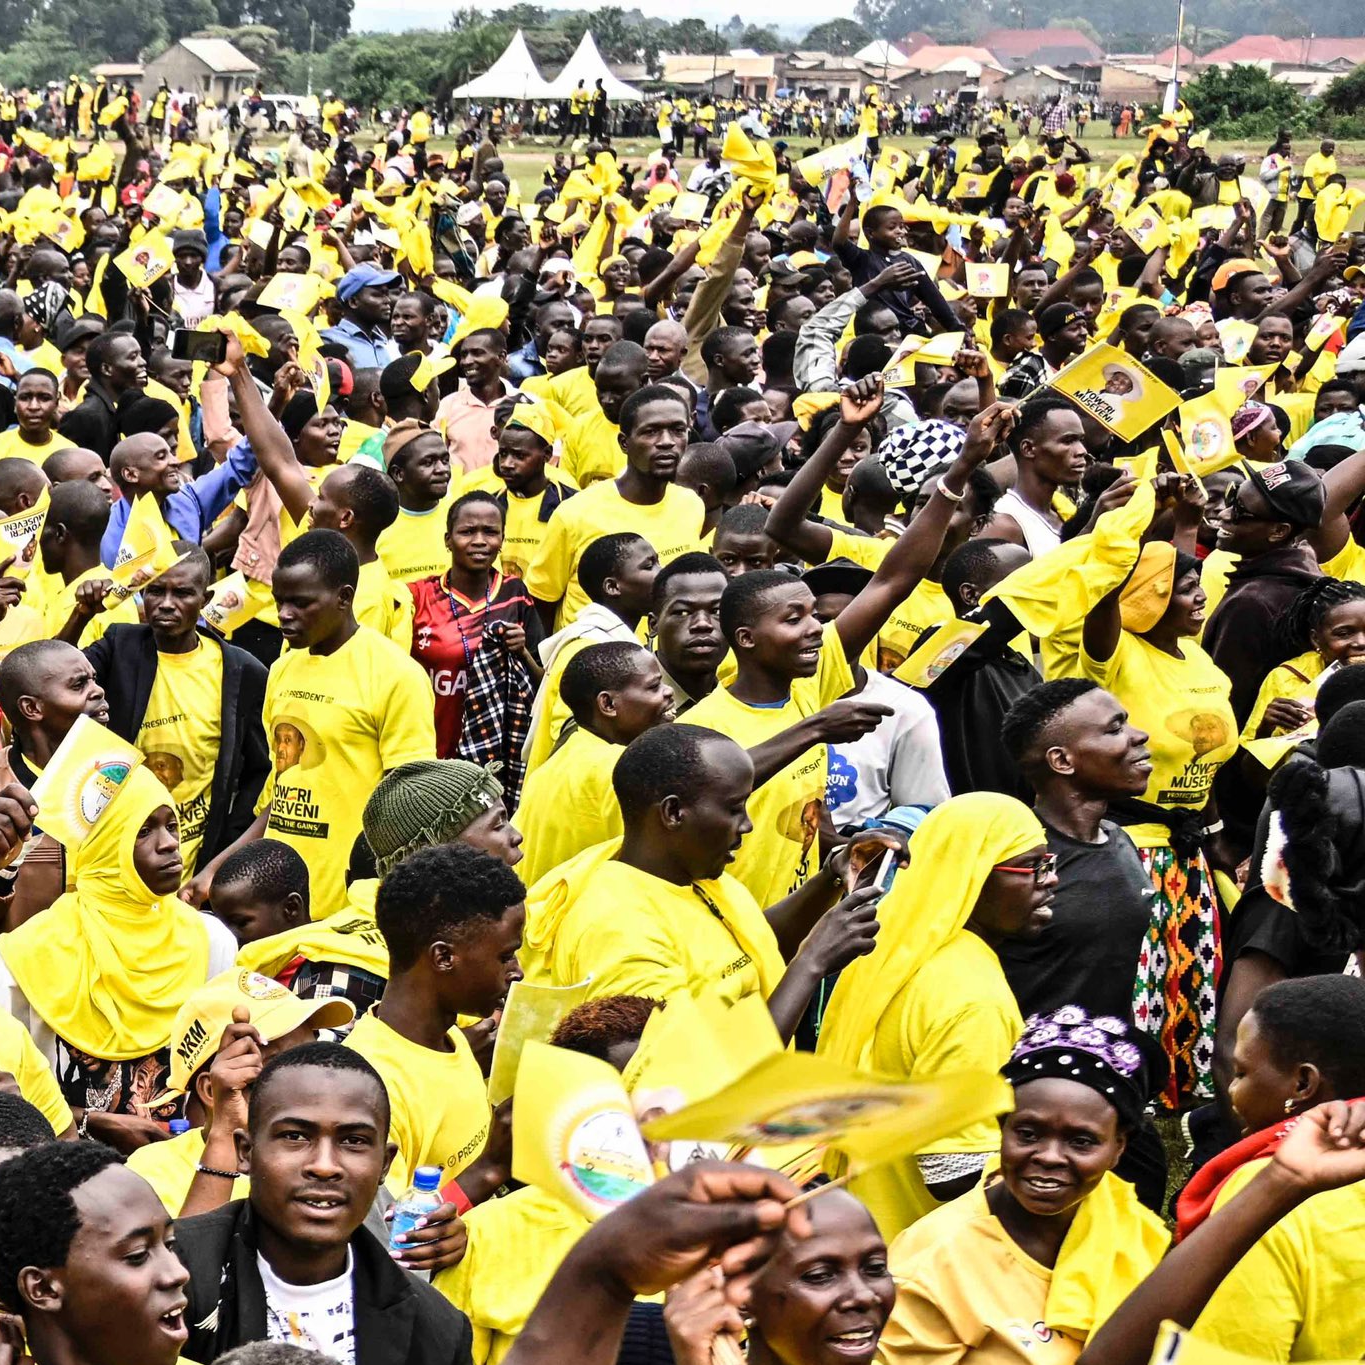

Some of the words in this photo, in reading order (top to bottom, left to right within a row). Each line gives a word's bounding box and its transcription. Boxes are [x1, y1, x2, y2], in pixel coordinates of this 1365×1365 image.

[1073, 390, 1113, 423] MUSEVENI
[1083, 388, 1116, 414] YOWERI
[659, 546, 684, 556] SIDENT
[400, 565, 438, 576] PRESIDENT
[896, 620, 924, 635] PRESID
[140, 714, 183, 731] PRESIDENT
[1171, 775, 1212, 789] MUSEV
[273, 785, 313, 804] OWERI
[272, 801, 320, 819] USEVENI
[177, 1018, 208, 1061] NRM
[457, 1123, 488, 1164] PRESIDENT
○ ○ ○
**Problem statement**
Pictures in the data above should not be copied; transcribe everything else exactly.

**Result**
Some of the words in this photo, in reading order (top to bottom, left to right within a row). Each line gives a word's bounding box and its transcription. Boxes are [x1, y1, x2, y2], in pixel coordinates of this 1365×1365 image.

[1073, 390, 1113, 423] MUSEVENI
[1083, 388, 1116, 414] YOWERI
[659, 546, 684, 556] SIDENT
[400, 565, 438, 576] PRESIDENT
[896, 620, 924, 635] PRESID
[140, 714, 183, 731] PRESIDENT
[1171, 775, 1212, 789] MUSEV
[273, 785, 313, 804] OWERI
[272, 801, 320, 819] USEVENI
[177, 1018, 208, 1061] NRM
[457, 1123, 488, 1164] PRESIDENT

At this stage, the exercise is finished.